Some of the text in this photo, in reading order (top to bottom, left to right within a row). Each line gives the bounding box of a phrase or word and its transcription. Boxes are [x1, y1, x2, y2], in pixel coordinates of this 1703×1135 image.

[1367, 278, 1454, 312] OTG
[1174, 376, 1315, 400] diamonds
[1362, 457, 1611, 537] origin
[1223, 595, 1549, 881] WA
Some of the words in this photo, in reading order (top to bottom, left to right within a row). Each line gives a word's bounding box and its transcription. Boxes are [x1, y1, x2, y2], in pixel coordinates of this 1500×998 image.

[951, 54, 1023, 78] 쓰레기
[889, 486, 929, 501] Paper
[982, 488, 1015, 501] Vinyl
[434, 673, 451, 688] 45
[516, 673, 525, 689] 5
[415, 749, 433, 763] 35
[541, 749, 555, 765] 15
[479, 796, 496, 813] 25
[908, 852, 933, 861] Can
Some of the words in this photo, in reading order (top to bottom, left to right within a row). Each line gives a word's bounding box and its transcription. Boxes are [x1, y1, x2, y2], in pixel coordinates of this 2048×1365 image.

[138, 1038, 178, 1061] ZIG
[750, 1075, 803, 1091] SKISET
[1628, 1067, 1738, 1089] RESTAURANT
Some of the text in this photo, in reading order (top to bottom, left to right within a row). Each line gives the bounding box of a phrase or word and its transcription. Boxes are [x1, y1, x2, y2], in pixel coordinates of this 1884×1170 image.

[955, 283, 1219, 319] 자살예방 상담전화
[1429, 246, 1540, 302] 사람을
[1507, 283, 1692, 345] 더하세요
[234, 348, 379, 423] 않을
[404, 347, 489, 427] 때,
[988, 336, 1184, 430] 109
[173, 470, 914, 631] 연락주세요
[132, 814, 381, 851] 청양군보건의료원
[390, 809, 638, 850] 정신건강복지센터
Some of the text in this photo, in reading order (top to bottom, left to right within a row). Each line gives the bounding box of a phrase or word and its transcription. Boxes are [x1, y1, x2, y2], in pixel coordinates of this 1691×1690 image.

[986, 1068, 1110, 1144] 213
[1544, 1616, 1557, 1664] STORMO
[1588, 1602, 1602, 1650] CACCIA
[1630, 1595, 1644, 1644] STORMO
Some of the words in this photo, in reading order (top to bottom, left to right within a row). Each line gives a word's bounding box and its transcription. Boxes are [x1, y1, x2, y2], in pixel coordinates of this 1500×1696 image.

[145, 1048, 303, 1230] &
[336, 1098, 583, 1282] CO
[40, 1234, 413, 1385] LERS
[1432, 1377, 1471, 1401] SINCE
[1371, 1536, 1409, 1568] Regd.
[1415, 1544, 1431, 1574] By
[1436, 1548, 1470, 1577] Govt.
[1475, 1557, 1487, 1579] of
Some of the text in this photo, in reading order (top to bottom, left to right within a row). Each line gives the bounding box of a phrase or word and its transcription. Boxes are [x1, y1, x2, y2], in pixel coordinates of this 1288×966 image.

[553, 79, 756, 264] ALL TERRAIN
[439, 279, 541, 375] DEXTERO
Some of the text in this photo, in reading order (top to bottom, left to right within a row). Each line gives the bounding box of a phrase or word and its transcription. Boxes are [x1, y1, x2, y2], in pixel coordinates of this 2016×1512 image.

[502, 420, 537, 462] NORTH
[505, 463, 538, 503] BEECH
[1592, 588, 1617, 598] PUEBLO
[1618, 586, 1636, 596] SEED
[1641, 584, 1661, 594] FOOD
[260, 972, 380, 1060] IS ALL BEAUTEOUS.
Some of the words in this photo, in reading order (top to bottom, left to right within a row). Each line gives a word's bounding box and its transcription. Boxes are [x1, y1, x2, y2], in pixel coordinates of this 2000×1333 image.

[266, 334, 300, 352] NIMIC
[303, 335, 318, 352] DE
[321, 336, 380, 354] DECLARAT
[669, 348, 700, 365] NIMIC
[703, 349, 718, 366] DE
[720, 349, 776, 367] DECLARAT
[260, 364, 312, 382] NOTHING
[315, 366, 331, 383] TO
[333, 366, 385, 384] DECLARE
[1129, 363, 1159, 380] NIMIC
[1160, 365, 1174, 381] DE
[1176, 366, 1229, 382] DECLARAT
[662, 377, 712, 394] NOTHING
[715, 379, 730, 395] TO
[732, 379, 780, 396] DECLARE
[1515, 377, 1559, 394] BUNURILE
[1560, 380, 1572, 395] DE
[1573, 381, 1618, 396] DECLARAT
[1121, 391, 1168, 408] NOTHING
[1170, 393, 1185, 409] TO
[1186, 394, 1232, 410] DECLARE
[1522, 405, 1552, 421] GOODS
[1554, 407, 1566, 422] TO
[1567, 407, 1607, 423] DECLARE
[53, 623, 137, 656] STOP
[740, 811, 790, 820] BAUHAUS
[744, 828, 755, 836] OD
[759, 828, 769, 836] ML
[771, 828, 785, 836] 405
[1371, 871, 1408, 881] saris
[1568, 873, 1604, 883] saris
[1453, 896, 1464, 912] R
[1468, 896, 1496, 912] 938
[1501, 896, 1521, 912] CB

▶ **WHAT YOU ARE ASKED TO DO**:
From the records above, extract every entry exactly as given.

▶ **YOUR SOLUTION**:
Some of the text in this photo, in reading order (top to bottom, left to right within a row). Each line gives the bounding box of a phrase or word and its transcription. Boxes are [x1, y1, x2, y2], in pixel coordinates of this 1703×1135 image.

[1367, 278, 1454, 312] OTG
[1174, 376, 1315, 400] diamonds
[1362, 457, 1611, 537] origin
[1223, 595, 1549, 881] WA
Some of the words in this photo, in reading order (top to bottom, left to right within a row). Each line gives a word's bounding box and its transcription. Boxes are [x1, y1, x2, y2], in pixel coordinates of this 1500×998 image.

[951, 54, 1023, 78] 쓰레기
[889, 486, 929, 501] Paper
[982, 488, 1015, 501] Vinyl
[434, 673, 451, 688] 45
[516, 673, 525, 689] 5
[415, 749, 433, 763] 35
[541, 749, 555, 765] 15
[479, 796, 496, 813] 25
[908, 852, 933, 861] Can
Some of the words in this photo, in reading order (top to bottom, left to right within a row). Each line gives a word's bounding box and its transcription. Boxes are [x1, y1, x2, y2], in pixel coordinates of this 2048×1365 image.

[138, 1038, 178, 1061] ZIG
[750, 1075, 803, 1091] SKISET
[1628, 1067, 1738, 1089] RESTAURANT
Some of the text in this photo, in reading order (top to bottom, left to right within a row). Each line gives the bounding box of a phrase or word and its transcription. Boxes are [x1, y1, x2, y2], in pixel coordinates of this 1884×1170 image.

[955, 283, 1219, 319] 자살예방 상담전화
[1429, 246, 1540, 302] 사람을
[1507, 283, 1692, 345] 더하세요
[234, 348, 379, 423] 않을
[404, 347, 489, 427] 때,
[988, 336, 1184, 430] 109
[173, 470, 914, 631] 연락주세요
[132, 814, 381, 851] 청양군보건의료원
[390, 809, 638, 850] 정신건강복지센터
Some of the text in this photo, in reading order (top to bottom, left to right within a row). Each line gives the bounding box of a phrase or word and its transcription. Boxes are [x1, y1, x2, y2], in pixel coordinates of this 1691×1690 image.

[986, 1068, 1110, 1144] 213
[1544, 1616, 1557, 1664] STORMO
[1588, 1602, 1602, 1650] CACCIA
[1630, 1595, 1644, 1644] STORMO
Some of the words in this photo, in reading order (top to bottom, left to right within a row). Each line gives a word's bounding box and its transcription. Boxes are [x1, y1, x2, y2], in pixel coordinates of this 1500×1696 image.

[145, 1048, 303, 1230] &
[336, 1098, 583, 1282] CO
[40, 1234, 413, 1385] LERS
[1432, 1377, 1471, 1401] SINCE
[1371, 1536, 1409, 1568] Regd.
[1415, 1544, 1431, 1574] By
[1436, 1548, 1470, 1577] Govt.
[1475, 1557, 1487, 1579] of
Some of the text in this photo, in reading order (top to bottom, left to right within a row). Each line gives the bounding box of a phrase or word and its transcription. Boxes are [x1, y1, x2, y2], in pixel coordinates of this 1288×966 image.

[553, 79, 756, 264] ALL TERRAIN
[439, 279, 541, 375] DEXTERO
Some of the text in this photo, in reading order (top to bottom, left to right within a row). Each line gives the bounding box of a phrase or word and its transcription. Boxes are [x1, y1, x2, y2], in pixel coordinates of this 2016×1512 image.

[502, 420, 537, 462] NORTH
[505, 463, 538, 503] BEECH
[1592, 588, 1617, 598] PUEBLO
[1618, 586, 1636, 596] SEED
[1641, 584, 1661, 594] FOOD
[260, 972, 380, 1060] IS ALL BEAUTEOUS.
Some of the words in this photo, in reading order (top to bottom, left to right within a row). Each line gives a word's bounding box and its transcription. Boxes are [x1, y1, x2, y2], in pixel coordinates of this 2000×1333 image.

[266, 334, 300, 352] NIMIC
[303, 335, 318, 352] DE
[321, 336, 380, 354] DECLARAT
[669, 348, 700, 365] NIMIC
[703, 349, 718, 366] DE
[720, 349, 776, 367] DECLARAT
[260, 364, 312, 382] NOTHING
[315, 366, 331, 383] TO
[333, 366, 385, 384] DECLARE
[1129, 363, 1159, 380] NIMIC
[1160, 365, 1174, 381] DE
[1176, 366, 1229, 382] DECLARAT
[662, 377, 712, 394] NOTHING
[715, 379, 730, 395] TO
[732, 379, 780, 396] DECLARE
[1515, 377, 1559, 394] BUNURILE
[1560, 380, 1572, 395] DE
[1573, 381, 1618, 396] DECLARAT
[1121, 391, 1168, 408] NOTHING
[1170, 393, 1185, 409] TO
[1186, 394, 1232, 410] DECLARE
[1522, 405, 1552, 421] GOODS
[1554, 407, 1566, 422] TO
[1567, 407, 1607, 423] DECLARE
[53, 623, 137, 656] STOP
[740, 811, 790, 820] BAUHAUS
[744, 828, 755, 836] OD
[759, 828, 769, 836] ML
[771, 828, 785, 836] 405
[1371, 871, 1408, 881] saris
[1568, 873, 1604, 883] saris
[1453, 896, 1464, 912] R
[1468, 896, 1496, 912] 938
[1501, 896, 1521, 912] CB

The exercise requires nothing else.